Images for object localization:
==========
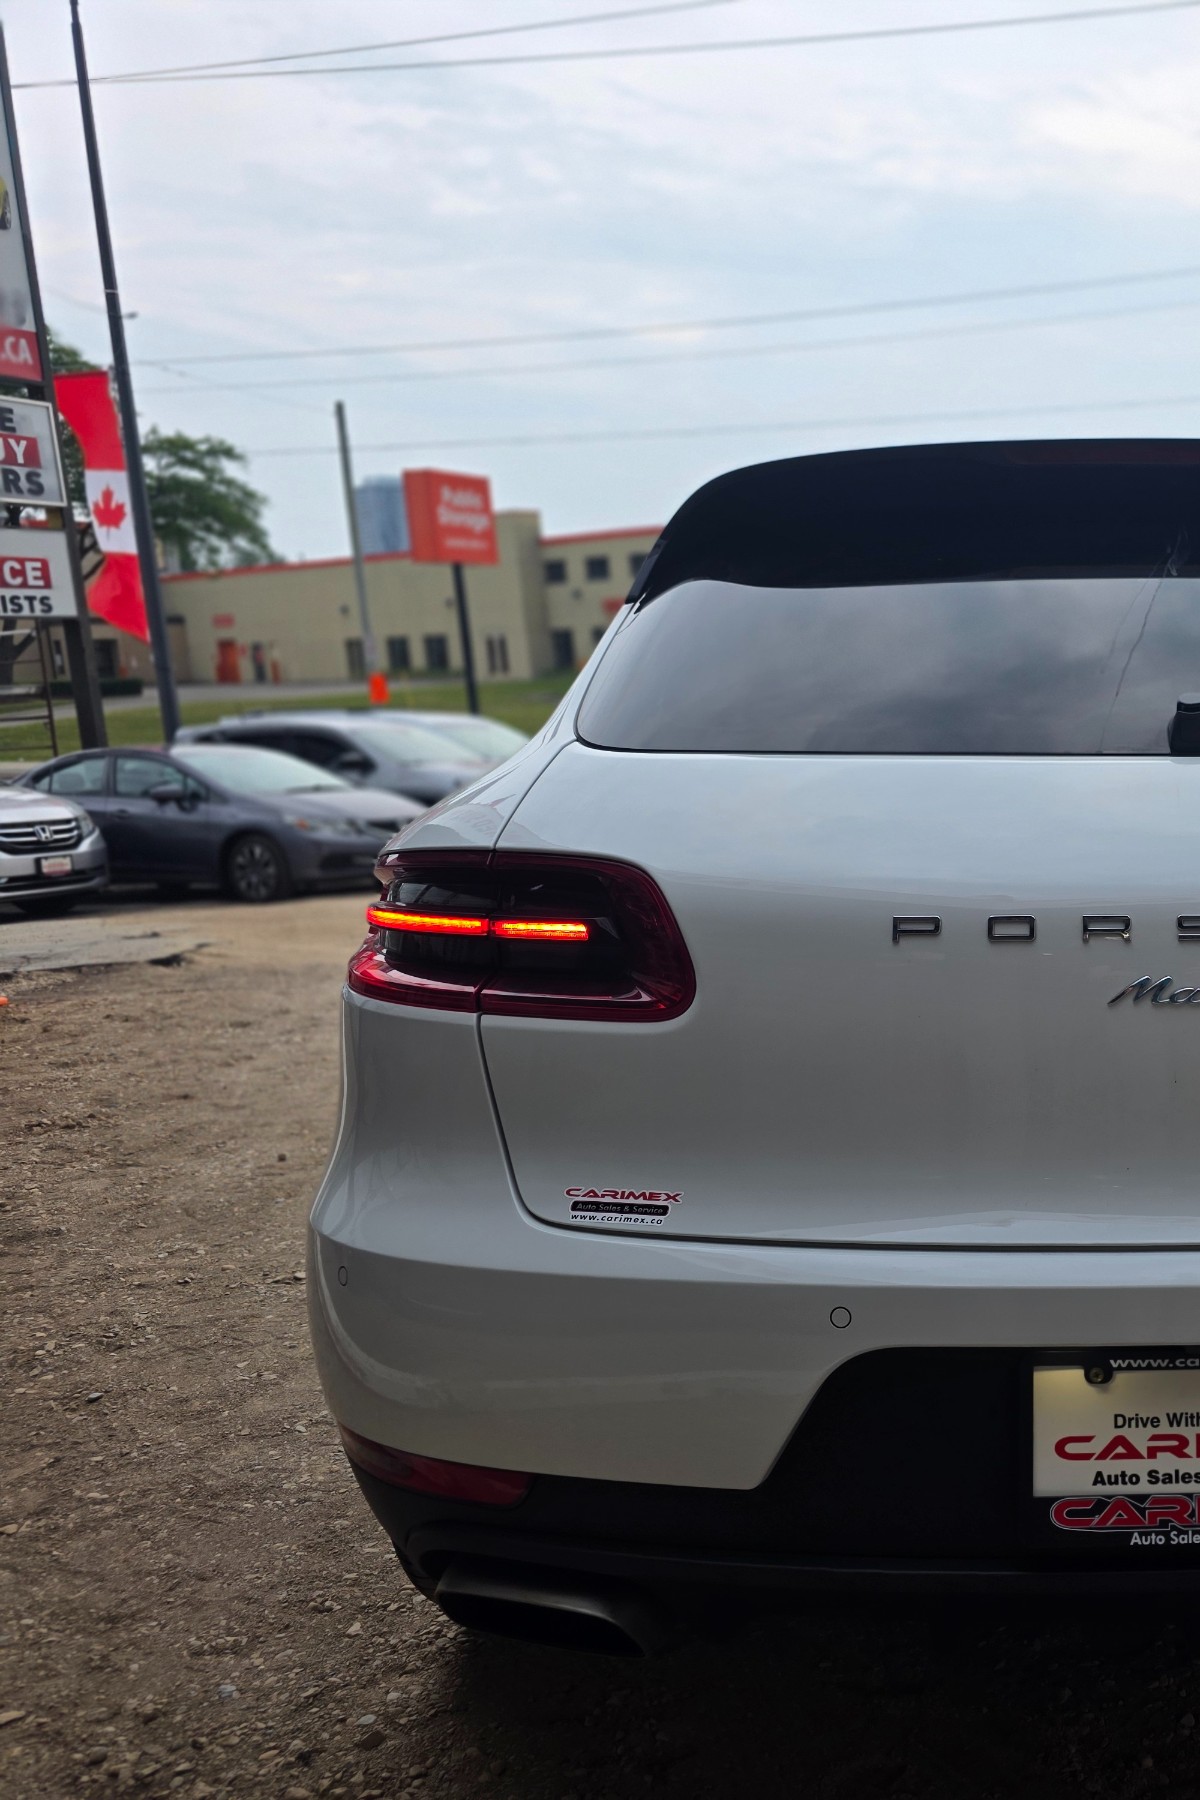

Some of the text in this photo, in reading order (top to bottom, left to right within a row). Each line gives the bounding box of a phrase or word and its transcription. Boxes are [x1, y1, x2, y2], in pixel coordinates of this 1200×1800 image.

[0, 437, 27, 464] Y
[1, 467, 45, 496] RS
[2, 560, 45, 587] CE
[0, 594, 53, 614] ISTS
[565, 1187, 682, 1203] CARIMEX
[575, 1202, 597, 1211] Auto
[599, 1203, 621, 1212] Sales
[633, 1205, 664, 1214] Service
[570, 1213, 664, 1225] www.carimex.ca
[1113, 1413, 1161, 1429] Drive
[1092, 1470, 1141, 1487] Auto
[1130, 1531, 1165, 1546] Auto
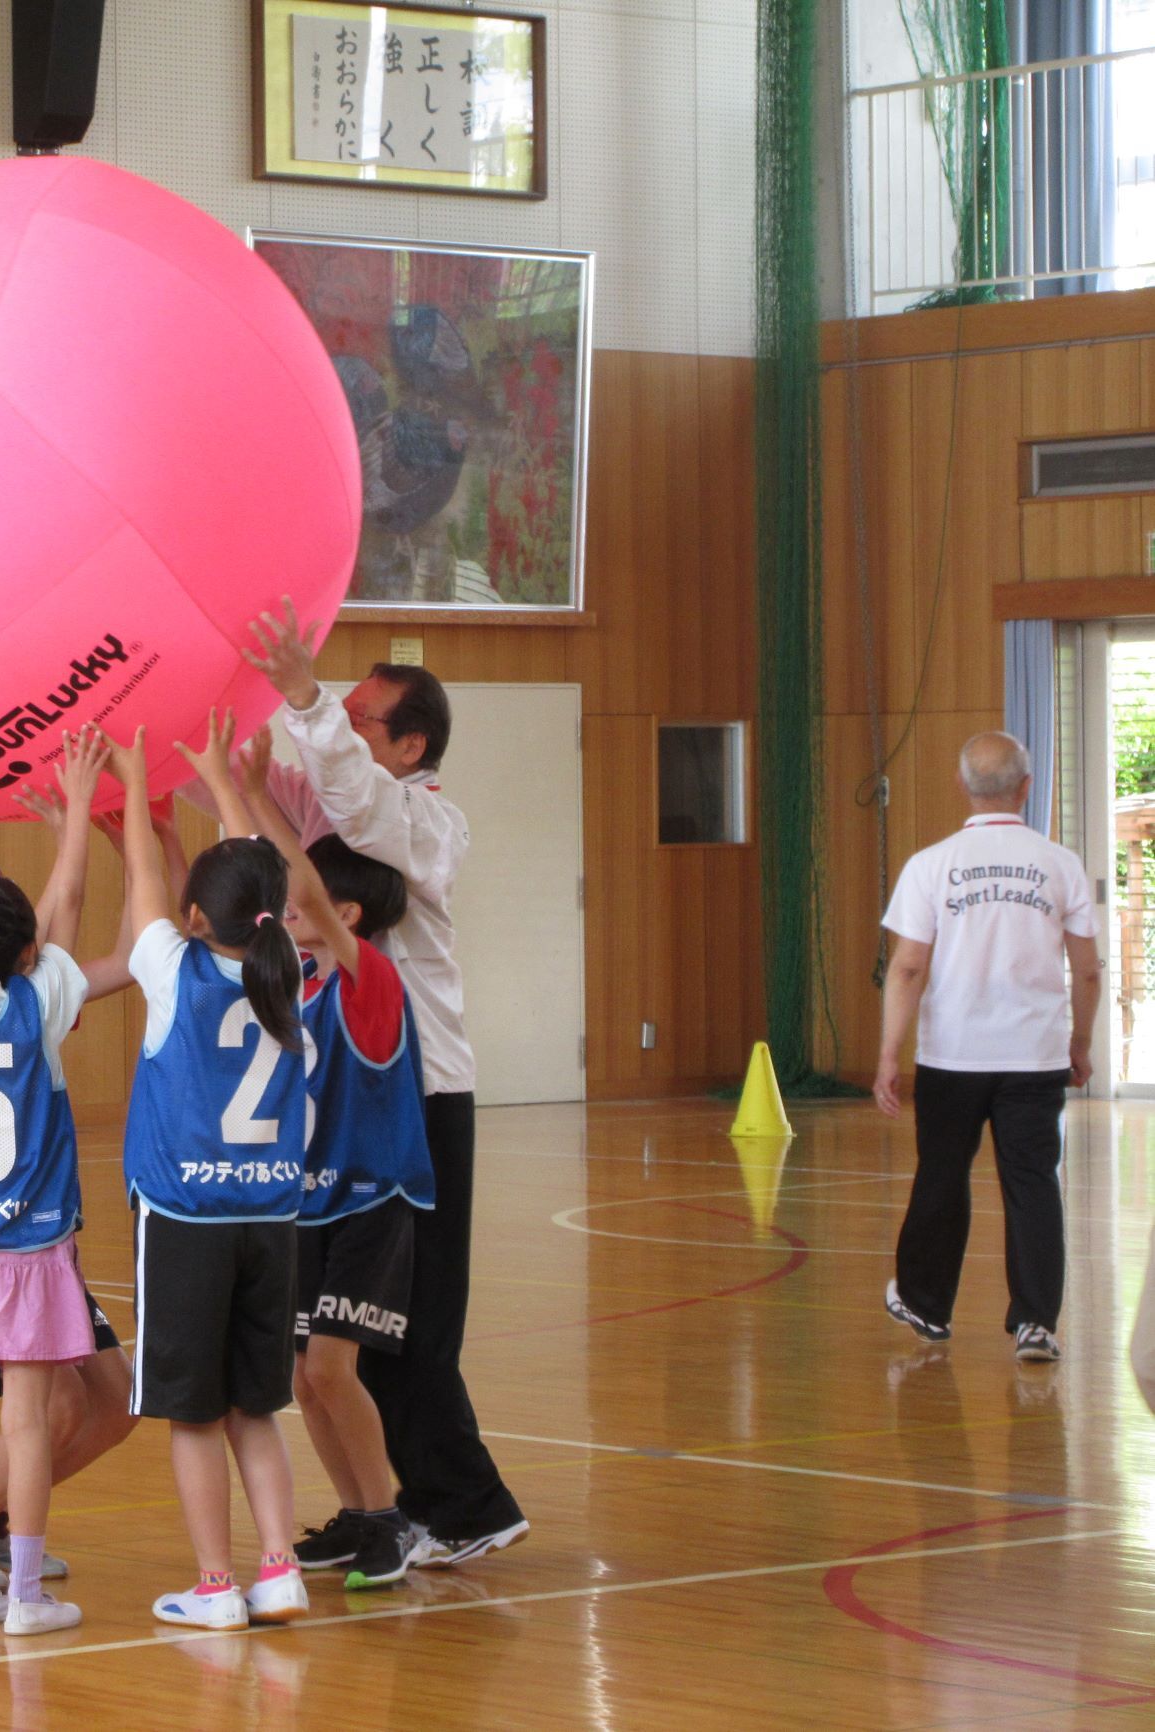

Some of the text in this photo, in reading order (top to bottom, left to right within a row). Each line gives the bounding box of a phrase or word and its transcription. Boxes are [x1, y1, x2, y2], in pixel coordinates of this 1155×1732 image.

[335, 25, 358, 160] おおらかに
[416, 36, 445, 163] 正しく
[110, 652, 161, 705] Distributor
[948, 864, 1049, 888] Community
[218, 996, 282, 1144] 2
[180, 1161, 300, 1183] アクティブあぐい
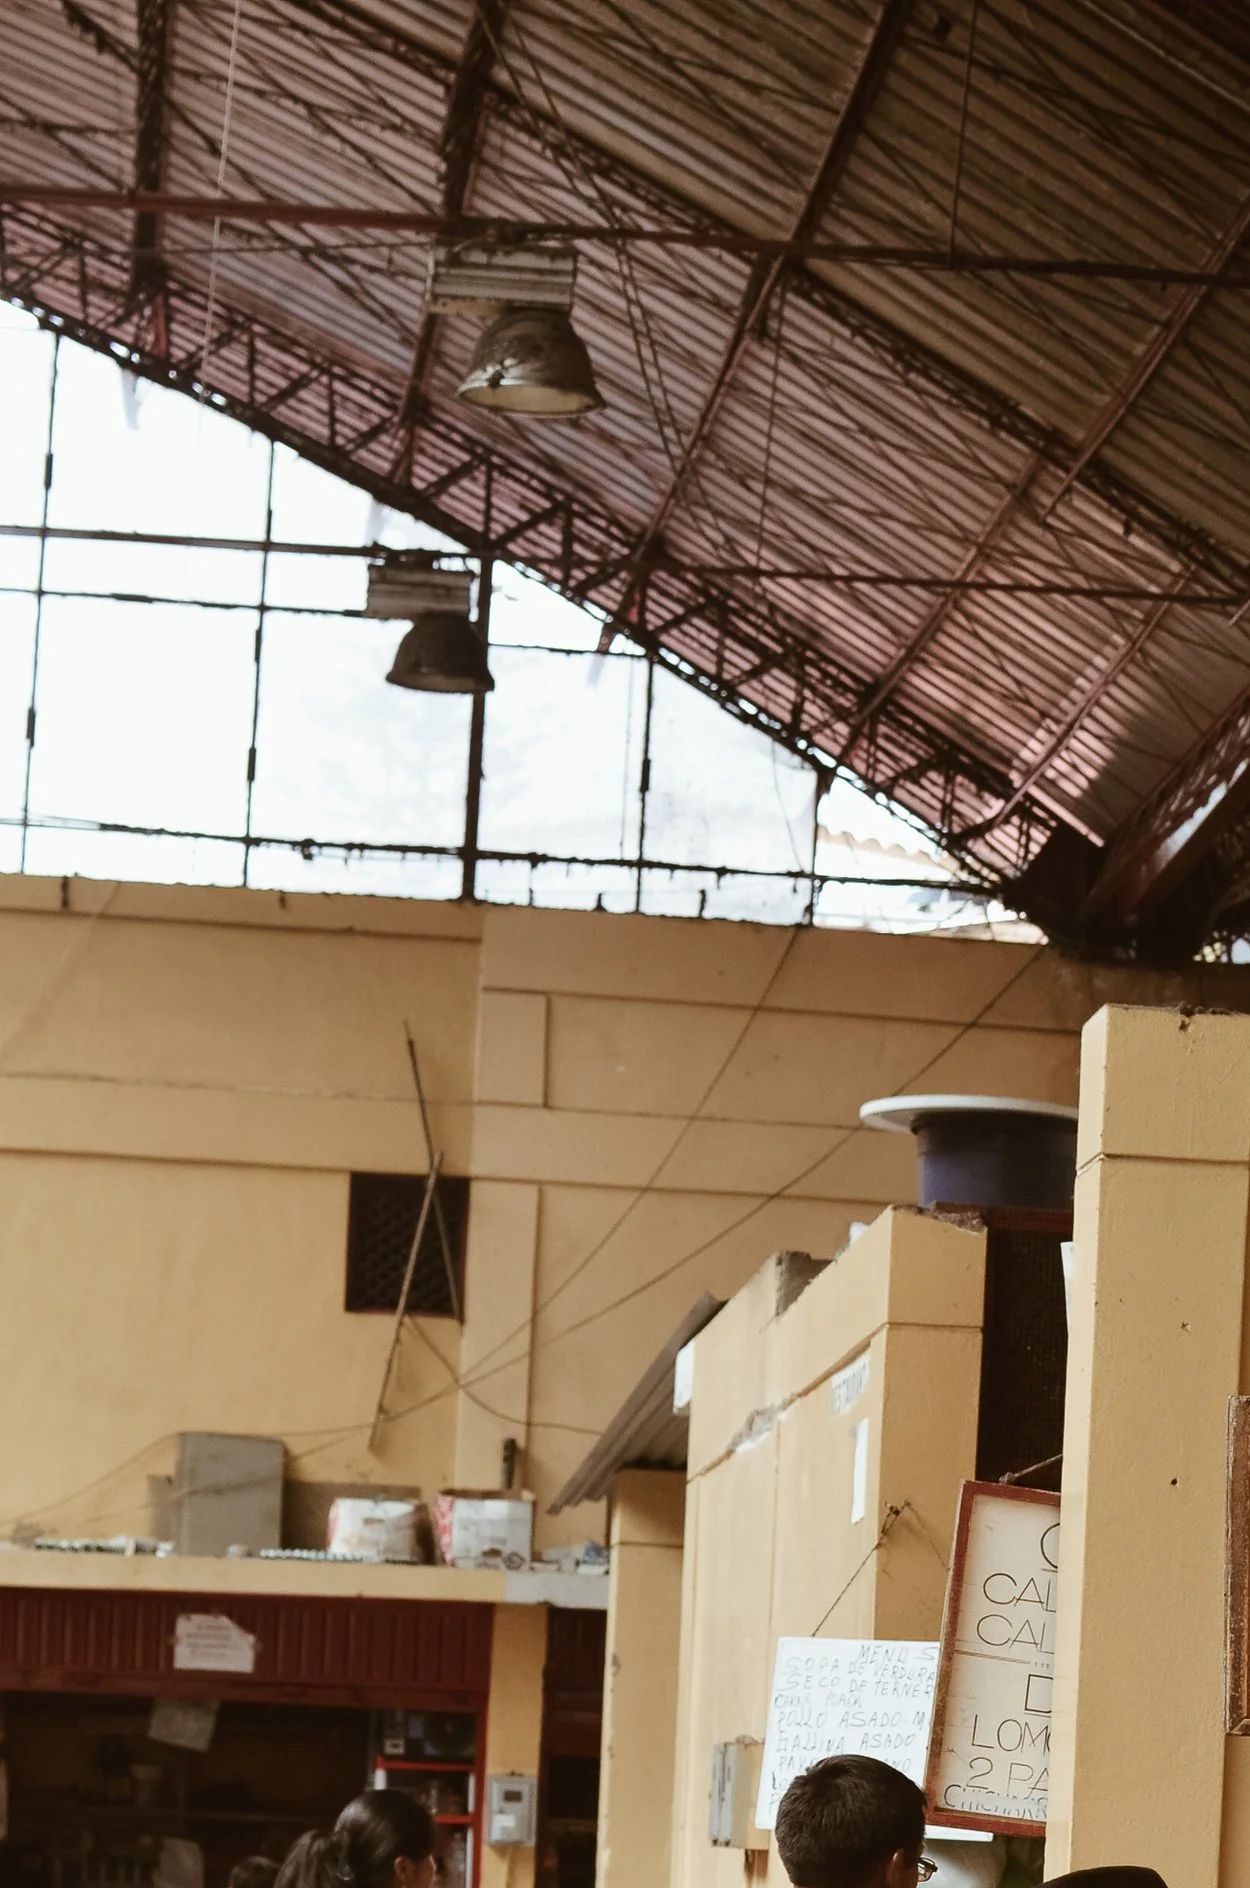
==========
Work task: Repeat the lines of the records verbatim, starting at the line containing "this 1155×1732 image." and stopping after the final line. Images stay out.

Answer for this exercise:
Some of the text in this photo, in reading order (top to bottom, left to right within a row). Each line gives the bounding box of a phrase or word and its transcription. Boxes are [x1, y1, x2, y2], in pixel coordinates of this 1155×1732 image.

[335, 25, 358, 160] おおらかに
[416, 36, 445, 163] 正しく
[110, 652, 161, 705] Distributor
[948, 864, 1049, 888] Community
[218, 996, 282, 1144] 2
[180, 1161, 300, 1183] アクティブあぐい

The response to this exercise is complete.